Welche würdet ihr nehmen ?

mfg Exo


----------



## Einwegkartoffel (12. Januar 2020)

Was ist dir denn wichtig? Optik? Preis? Etwas anderes? Wie viel darf es überhaupt kosten? Wie groß darf/soll der Radiator werden? Was soll gekühlt werden?

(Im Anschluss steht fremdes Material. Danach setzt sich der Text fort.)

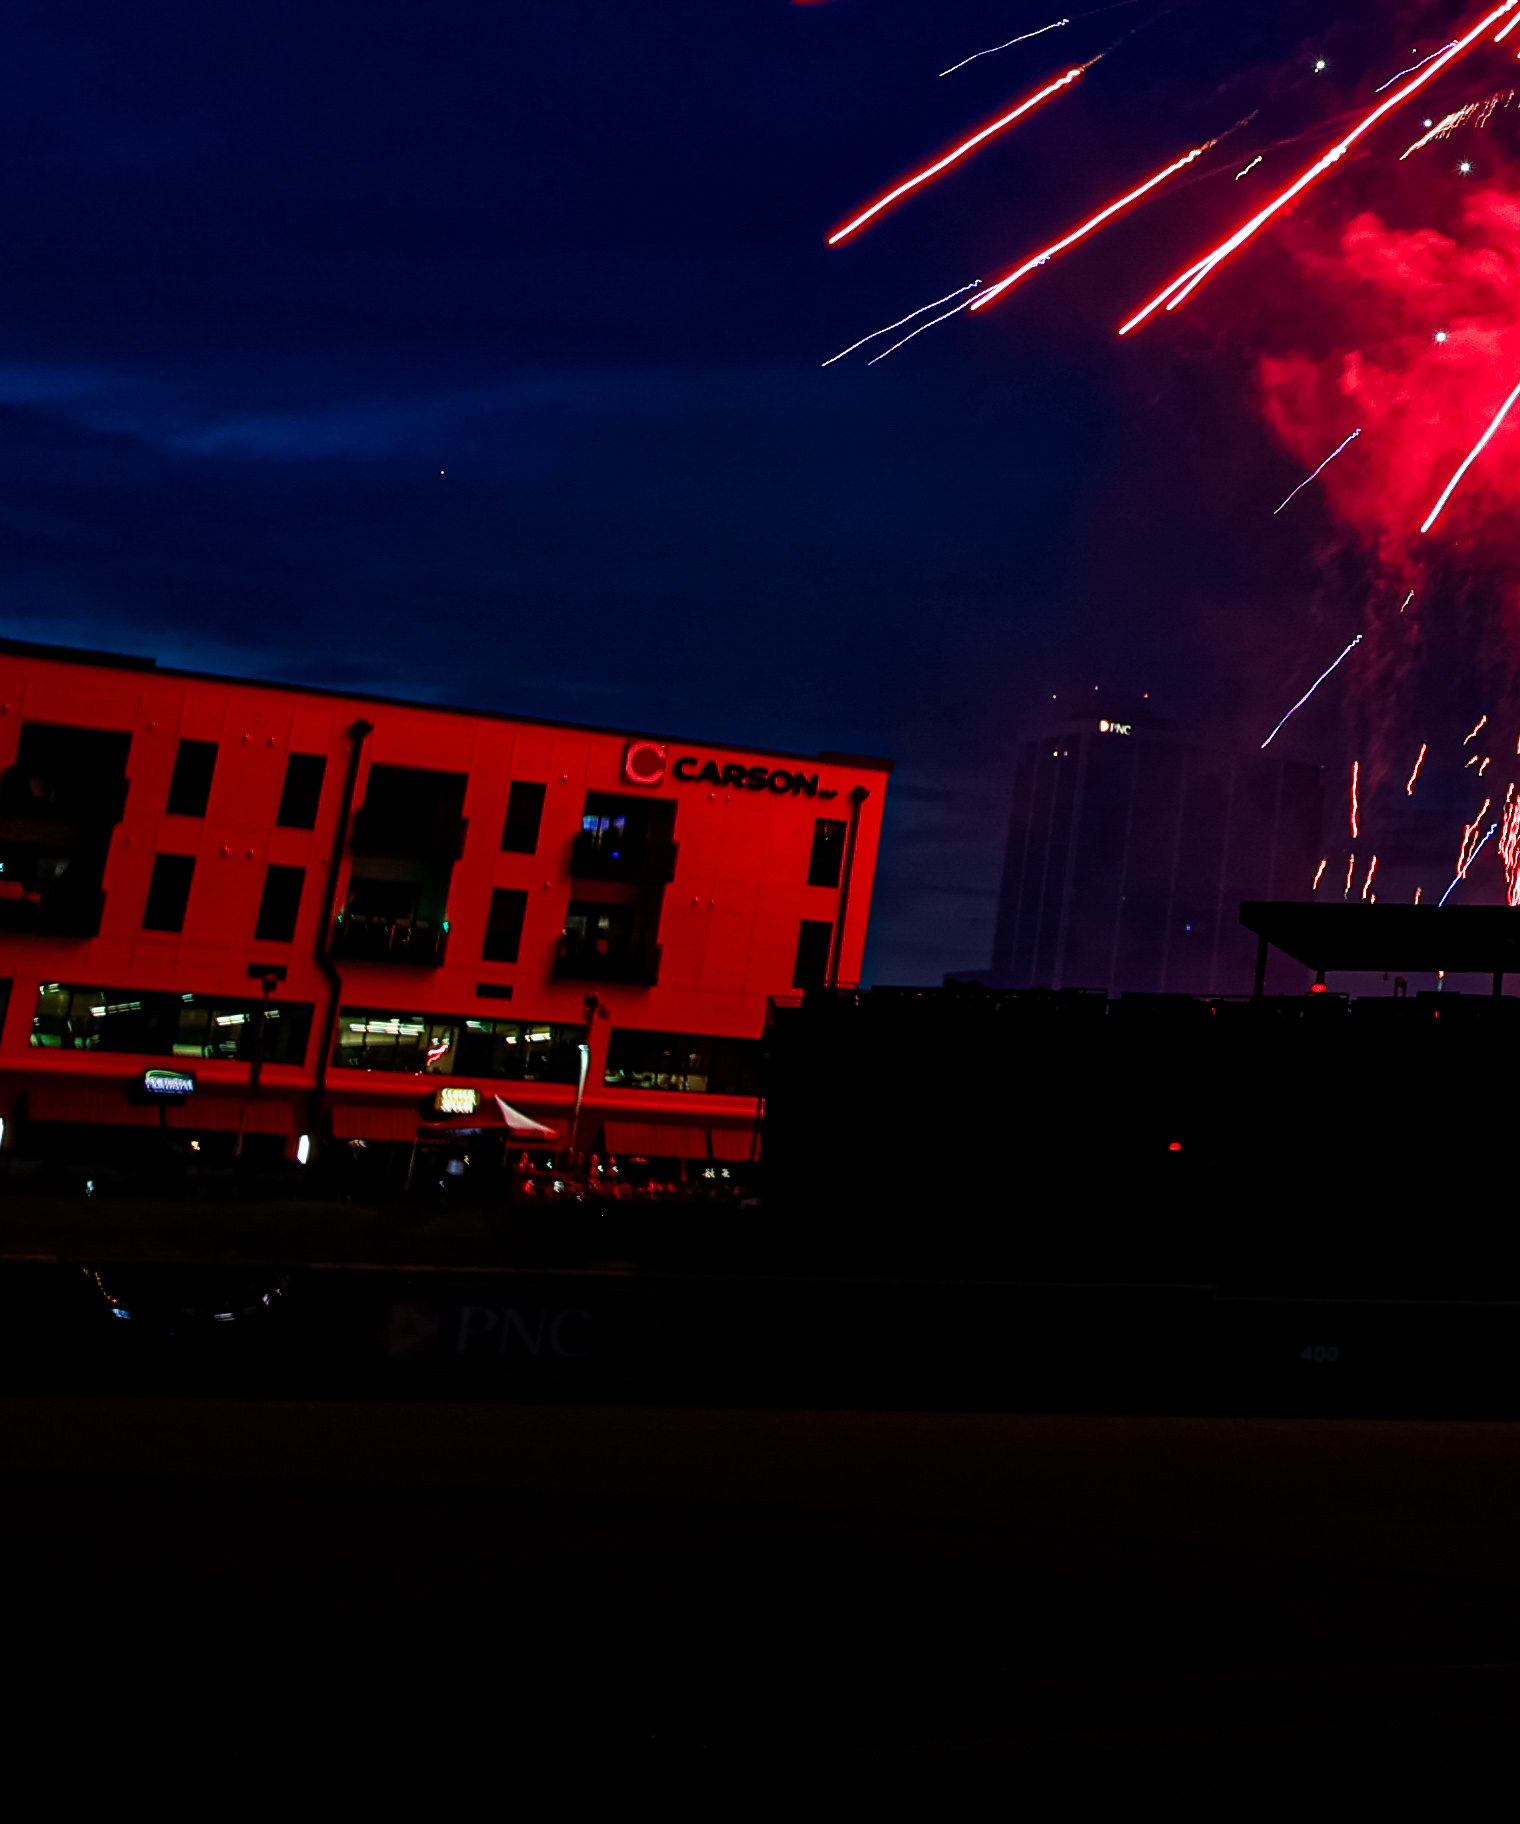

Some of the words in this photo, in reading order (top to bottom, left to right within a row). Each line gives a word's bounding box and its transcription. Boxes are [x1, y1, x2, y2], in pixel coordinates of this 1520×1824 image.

[673, 757, 819, 796] CARSON
[455, 1304, 594, 1357] PNC
[1300, 1345, 1341, 1363] 400

Der Testsieger bei PCGH wäre die Arctic Liquid Freezer II 280 ab €'*'79,90 (2020) | Preisvergleich Geizhals Deutschland. Ich meine die Alphacool Eisbaer 280 ab €'*'105,31 (2020) | Preisvergleich Geizhals Deutschland oder die Corsair Hydro Series H115i Pro ab €'*'136,00 (2020) | Preisvergleich Geizhals Deutschland hatten aber auch relativ gut abgeschnitten...


----------



## drstoecker (12. Januar 2020)

Ich würde dir auch ganz klar zur freezer II raten, da kommen die anderen nicht dran was kühlleistung und Lautstärke angeht.


----------



## DerExo81 (12. Januar 2020)

Danke für euren Antworten, klar sollte der optische aspekt auch gegeben sein...
gekühlt wird ein i7-8700k
Preislich bin ich bereit bis 300€ zu bezahlen

Was haltet ihr von diesem Set: Alphacool Eissturm Hurricane Copper 45 3x120mm - Komplettset | Sets & Systeme | Shop | Alphacool - the cooling company

Finde das echt super, da man es ja noch erweitern kann

EDIT: Gibs bei Alternate für "NUR" 250€


----------



## Einwegkartoffel (13. Januar 2020)

Erweitern kann man auch eine deutlich günstige Eisbaer ^^ Und für 250€ würde ich mir schon überlegen, ob´s nicht doch ne Custom-Wakü werden soll


----------



## D3N$0 (13. Januar 2020)

Hast du dir den Link angeschaut? Die Hurricane ist eine Custom Lösung als fertiges Set


----------